Such a sealing device includes, for example, a double-structured seal ring that is attached to the end surface of the spindle frame and that is in sliding contact with the back surface of the movable scroll. This seal ring forms a back pressure chamber on the outside thereof, and exhibits a sealing function for maintaining the pressure in the back pressure chamber higher than the inside of the seal ring (Patent Document 1).
On the other hand, the other sealing device includes an annular back pressure chamber formed between the pair of seal rings and the inside of the movable scroll, and the compression chamber of the scroll unit is compressed at a predetermined timing during the refrigerant compression process. And a back pressure chamber are connected to each other, and a communication passage for supplying pressure in the compression chamber to the back pressure chamber is provided (Patent Document 2).

JP 2002-217172 A JP 2000-136782 A

  However, in the sealing device disclosed in Patent Document 1, since the pressure in the back pressure chamber, that is, the back pressure is kept constant regardless of the operating state of the fluid machine, the discharge pressure of the scroll unit, that is, When the thrust load acting on the movable scroll decreases, the back pressure applied to the movable scroll becomes excessive, and the smooth revolving orbiting motion of the movable scroll may be impaired.

Moreover, in the sealing device disclosed in Patent Document 2, a communication path must be formed in the movable scroll, so that the structure of the movable scroll is complicated.
The present invention has been made on the basis of the above circumstances, and the purpose thereof is to effectively apply a back pressure against the thrust load of the orbiting scroll to the orbiting scroll regardless of the driving situation. An object of the present invention is to provide a scroll type fluid machine that can prevent an increase in frictional resistance of a movable scroll and a decrease in compression efficiency of a scroll unit.

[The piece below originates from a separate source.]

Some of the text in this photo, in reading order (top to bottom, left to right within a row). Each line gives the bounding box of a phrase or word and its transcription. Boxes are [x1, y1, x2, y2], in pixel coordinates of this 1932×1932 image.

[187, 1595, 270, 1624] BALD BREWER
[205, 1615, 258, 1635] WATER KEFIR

  To achieve the above object, a scroll type fluid machine according to claim 1 is housed in a housing and includes a fixed scroll and a movable scroll that orbits relative to the fixed scroll, and a movable scroll in the housing. The support member is disposed adjacent to the rear surface of the movable scroll and supports the main shaft that pivots the movable scroll, and has a support member having an end surface facing the rear surface of the movable scroll, and is formed between the rear surface of the movable scroll and the end surface of the support member A back pressure chamber through which a part of the working fluid discharged from the scroll unit is guided through the housing, and a seal device capable of partitioning the back pressure chamber with respect to the radial direction of the movable scroll. The inner and outer seal rings are spaced apart from each other in the radial direction, and a part of each seal ring is The temperature at which the opening of the outer seal ring is closed is provided, and is usually opened to allow the inside and outside of the seal ring to communicate with each other. The temperature is lower than the temperature of closing the opening of the inner seal ring.

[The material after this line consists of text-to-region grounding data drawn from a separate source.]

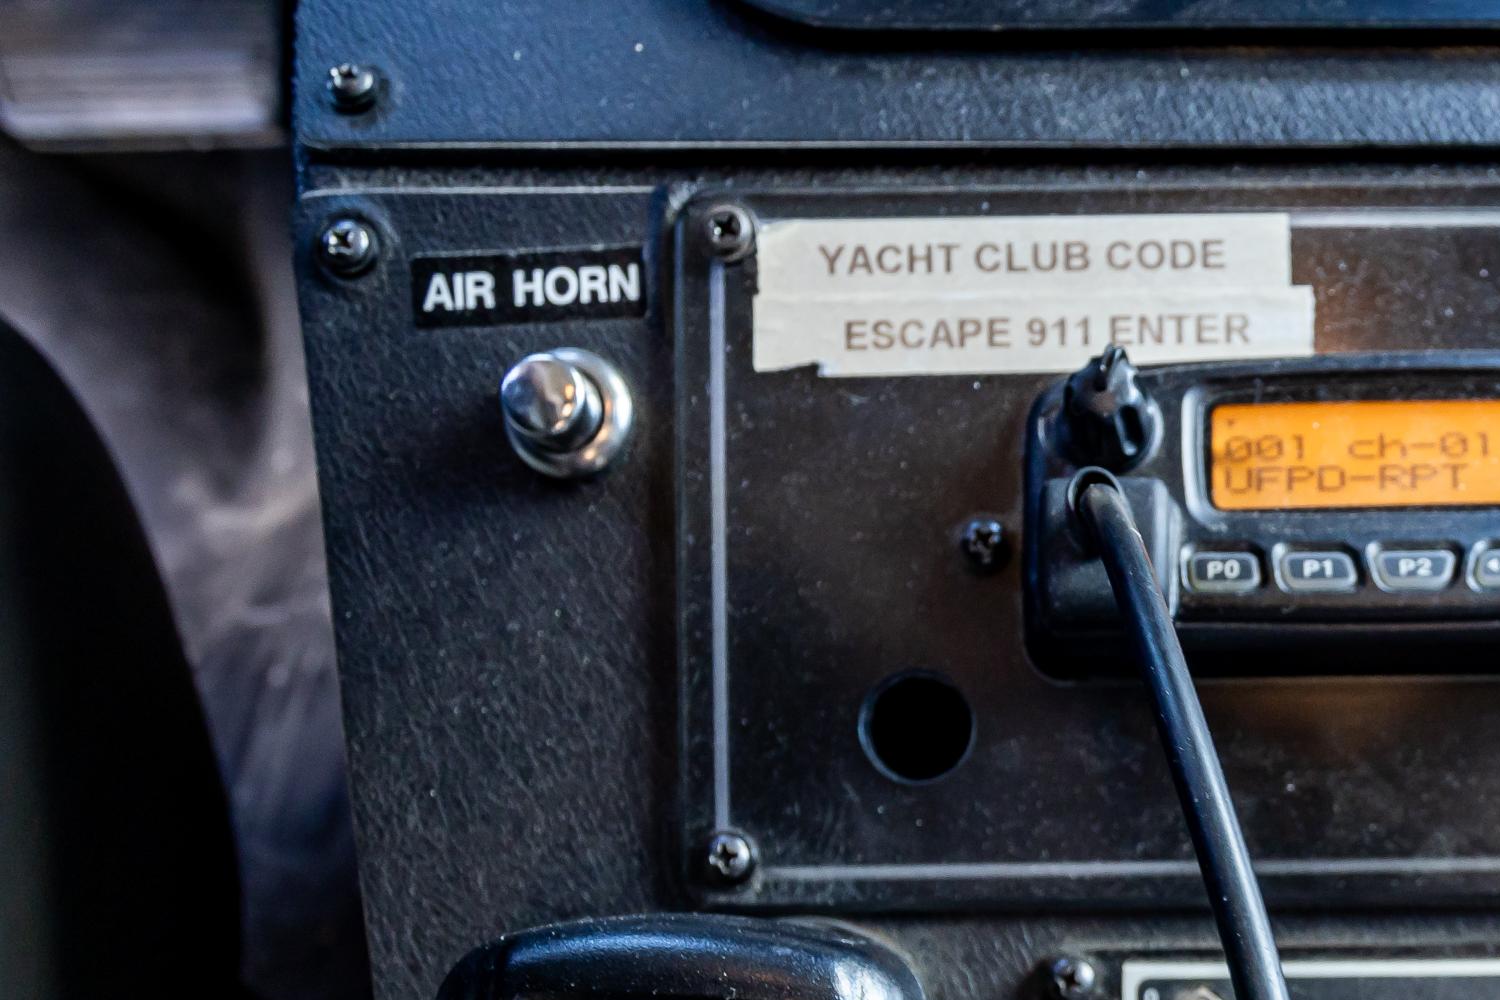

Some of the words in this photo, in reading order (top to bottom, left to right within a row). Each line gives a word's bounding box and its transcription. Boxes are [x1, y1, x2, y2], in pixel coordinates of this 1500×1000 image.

[819, 243, 960, 275] YACHT
[974, 240, 1090, 273] CLUB
[1106, 239, 1226, 271] CODE
[422, 270, 496, 312] AIR
[512, 263, 640, 307] HORN
[844, 317, 1011, 350] ESCAPE
[1026, 315, 1090, 346] 911
[1109, 313, 1251, 346] ENTER
[1225, 434, 1304, 463] 001
[1207, 558, 1241, 580] P0
[1303, 558, 1333, 578] P1
[1398, 557, 1432, 577] P2
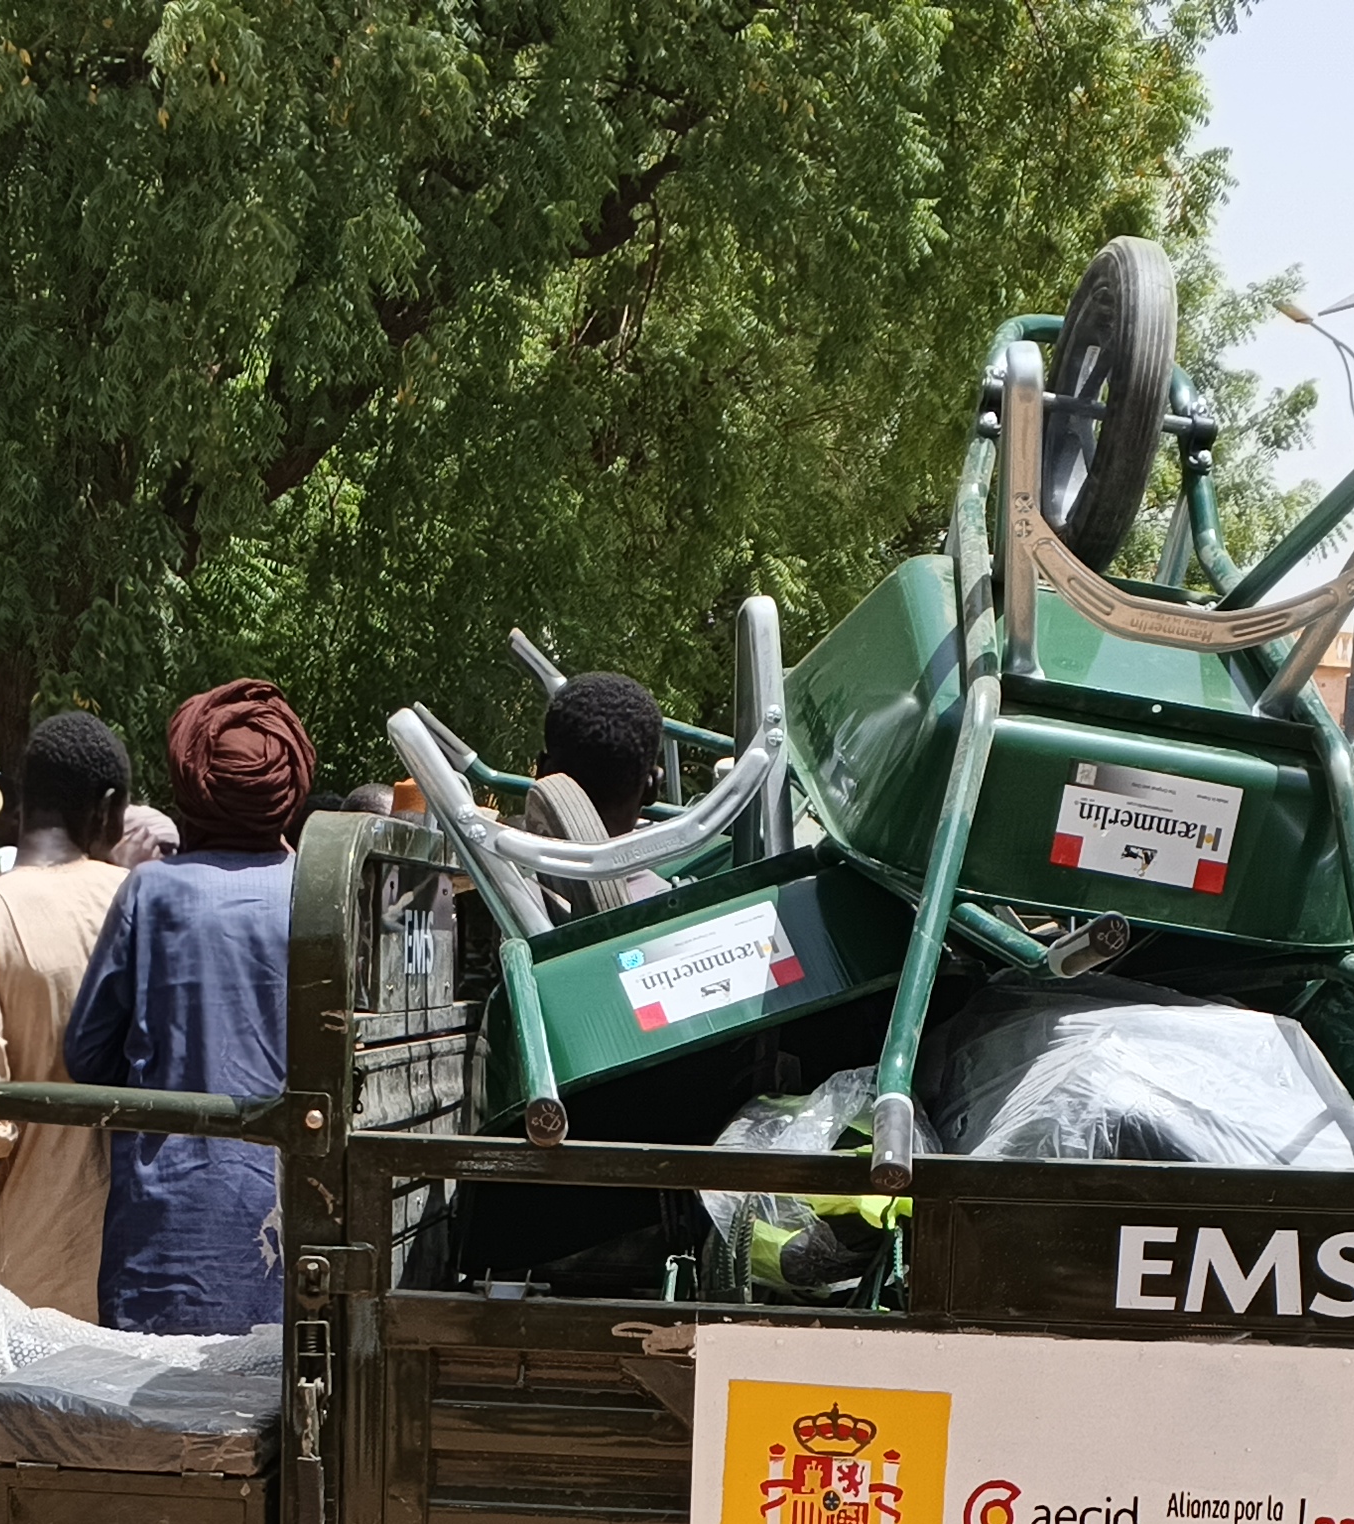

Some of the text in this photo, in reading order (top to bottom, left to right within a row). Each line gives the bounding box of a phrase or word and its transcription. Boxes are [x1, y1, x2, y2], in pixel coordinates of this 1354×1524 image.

[405, 909, 434, 974] EMS
[1166, 1491, 1229, 1519] Alianza
[1267, 1495, 1283, 1521] la

  According to the scroll type fluid machine of claim 1, when the operation speed is increased and the pressure and temperature in the housing are increased, the temperature of the seal ring is increased and the opening of the outer seal ring is closed. In this case, the effective pressure receiving area on the back surface is only inside the outer seal ring. When the operating speed is further increased and the pressure and temperature in the housing are increased, the opening of the inner seal ring is also closed. In this case, the effective pressure receiving area on the back is further reduced only to the inner side of the inner seal ring. The

This makes it possible to effectively apply a back pressure against the movable scroll's thrust load to the movable scroll regardless of the operation status of the scroll type fluid machine, increasing the frictional resistance of the movable scroll, and the compression efficiency of the scroll unit. Can be prevented.
In the scroll type fluid machine according to claim 2, when the linear expansion coefficient of the inner and outer seal rings is the same, the opening width of the outer seal ring is narrower than the opening width of the inner seal ring. The optimum back pressure can be applied only by setting the width. Therefore, the structure of the sealing device is simplified, and the back pressure can be more effectively applied to the movable scroll.

  In the scroll type fluid machine according to claim 3, the opening width of the opening is defined between a pair of end faces spaced apart in the circumferential direction of the seal ring, the end faces being parallel to each other, and the diameter of the seal ring. Since it is inclined at an angle with respect to the direction, when these end faces are brought into close contact with each other, the contact area here is increased. Optimal back pressure can be applied.

  The scroll type fluid machine according to any one of claims 1 to 3 is movable by changing a substantial volume of the back pressure chamber, that is, an effective pressure receiving area of the movable scroll with respect to the back pressure, with respect to a pressure in the housing which varies depending on operating conditions. An optimal back pressure can be applied to the scroll, and a reduction in compression efficiency due to an excessive back pressure can be prevented.

It is a longitudinal cross-sectional view of the scroll compressor of one Example of this invention. It is an enlarged view of the peripheral part of the scroll unit of FIG. It is sectional drawing of a sealing device.

Hereinafter, an embodiment of a scroll type fluid machine according to the present invention will be described with reference to the drawings.
FIG. 1 shows a longitudinal sectional view of a compressor 1 as a scroll type fluid machine.
The compressor 1 is of a vertical type and is incorporated in a refrigeration circuit such as a refrigeration air conditioner or a heat pump type hot water heater. This refrigeration circuit includes a circulation path through which carbon dioxide refrigerant (hereinafter referred to as refrigerant), which is an example of a working fluid, circulates. The compressor 1 draws low-pressure refrigerant from the circulation path, and uses the compressed high-pressure medium as a circulation path. Dispense towards.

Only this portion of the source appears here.